In this country the production and use of certified forest tree seed is strictly voluntary. Several states, including Oklahoma, now have forest tree seed certification standards. Certification should first consider climate or point of origin. It should then consider tree form, growth rate, wood quality, and resistance to various damaging agents. Most certifying agencies consider several classes of forest tree seed as follows: 1. Seed from proven seed orchards. 2. Seed from unproven seed orchards. 3. Seed from wind-pollinated plus trees. 4. Seed from seed production areas. 5. Seed from high quality stands of specified geographic source. When our thousands of acres of seed orchards get into full production and we begin to get substantial progeny test information, seed from seed production areas and from good stands of known geographic source will probably not qualify for certification. Many certification standards include requirements for seed handling, germination, purity, etc.
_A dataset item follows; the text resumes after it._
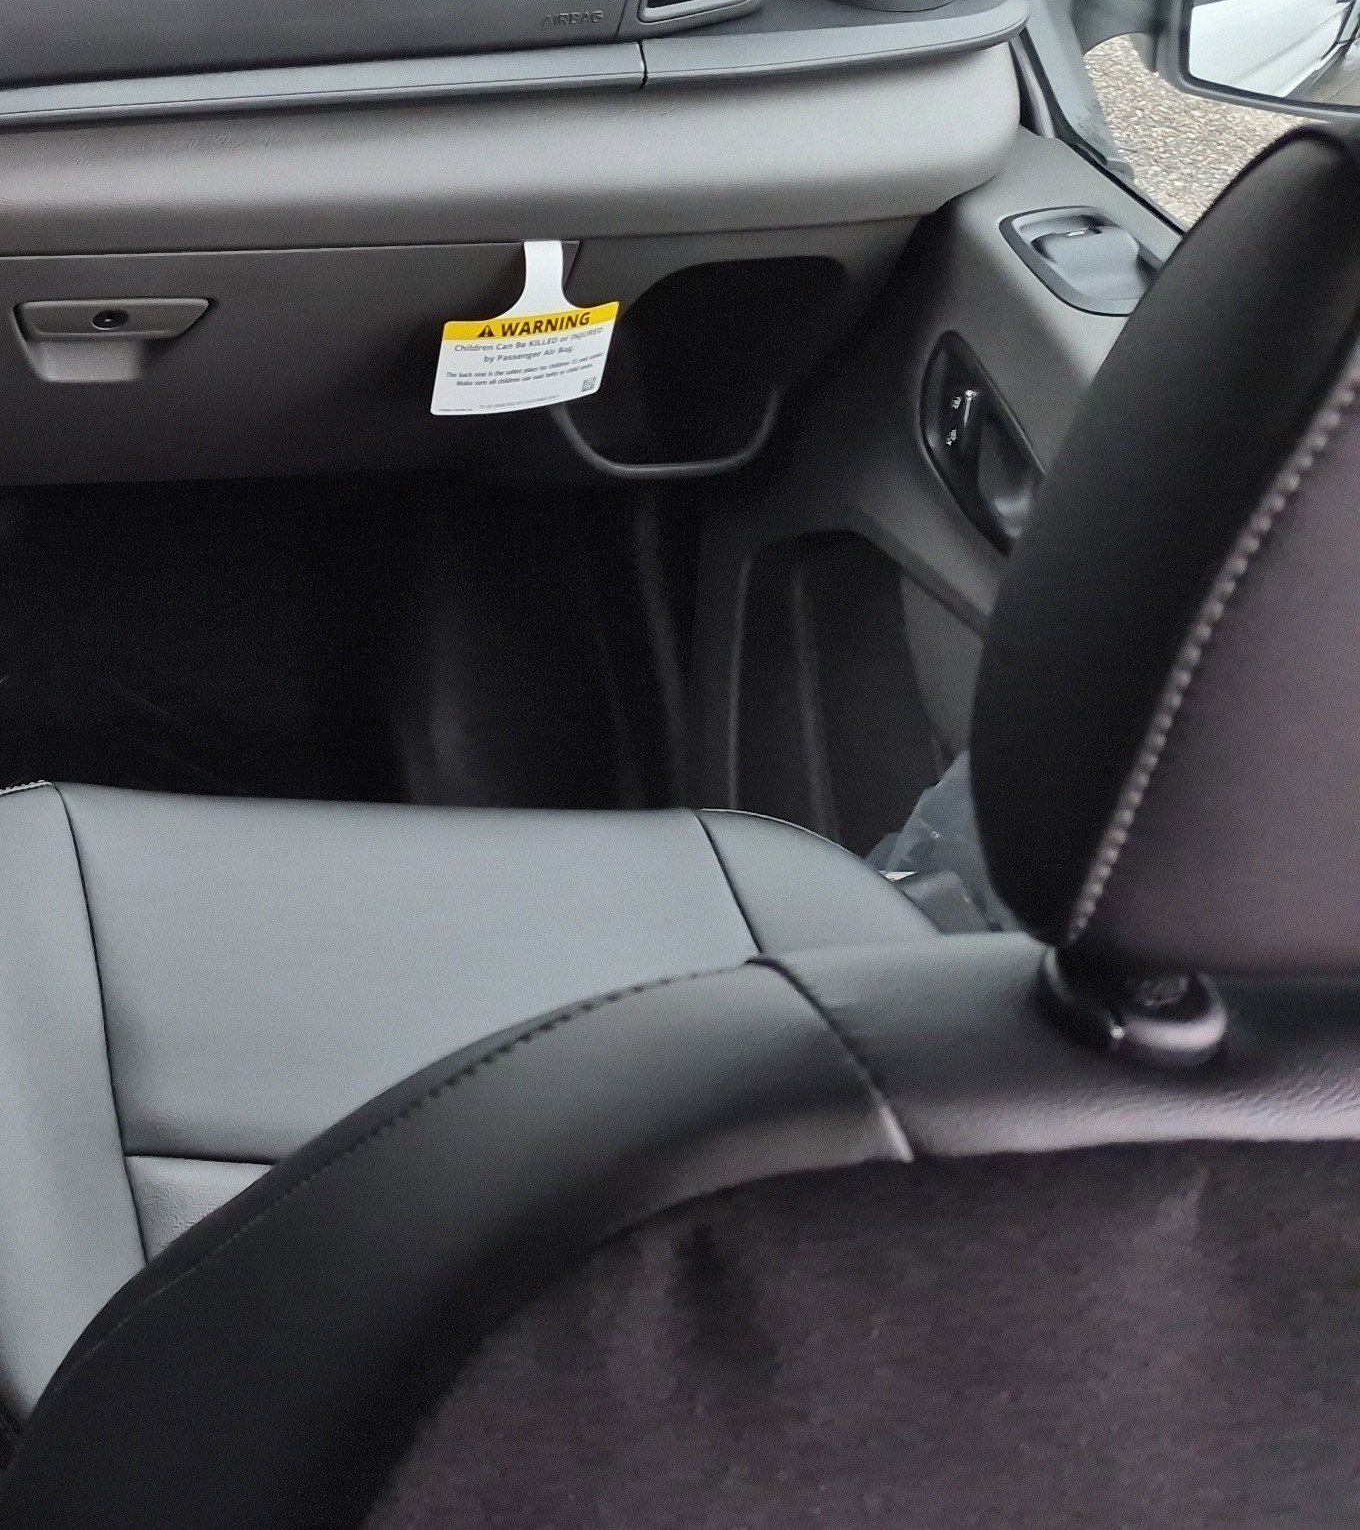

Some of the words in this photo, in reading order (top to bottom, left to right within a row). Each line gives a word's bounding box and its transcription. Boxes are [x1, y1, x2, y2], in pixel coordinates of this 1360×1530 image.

They also include provisions for inspection to insure that the certification standards are being followed. The certifying agency should also state the age at which a trait is certified. For example, a particular clone might be certified for superior growth based upon 10-year-old progeny. The relative superiority may change with age so that the same clone certified at age 10 would not qualify at age 50. PROGENY TESTING Statements that seed or seedlings are "superior" are meaningless. Superior for what trait? Superior to what? How much superior? We must have positive identification of this superior germ plasm to know its value. The purpose of a progeny test is to evaluate the parents based upon the performance of their offspring. Progeny tests may be either wind-pollinated (one-parent) or control-pollinated (two-parent) tests. Some organizations have gotten into tree improvement without realizing all the potentials and in some instances the costs. It is felt by some people that when the seed orchard is established all is well. Let us take a quick look at the three initial stages at which we can make gains in tree improvement.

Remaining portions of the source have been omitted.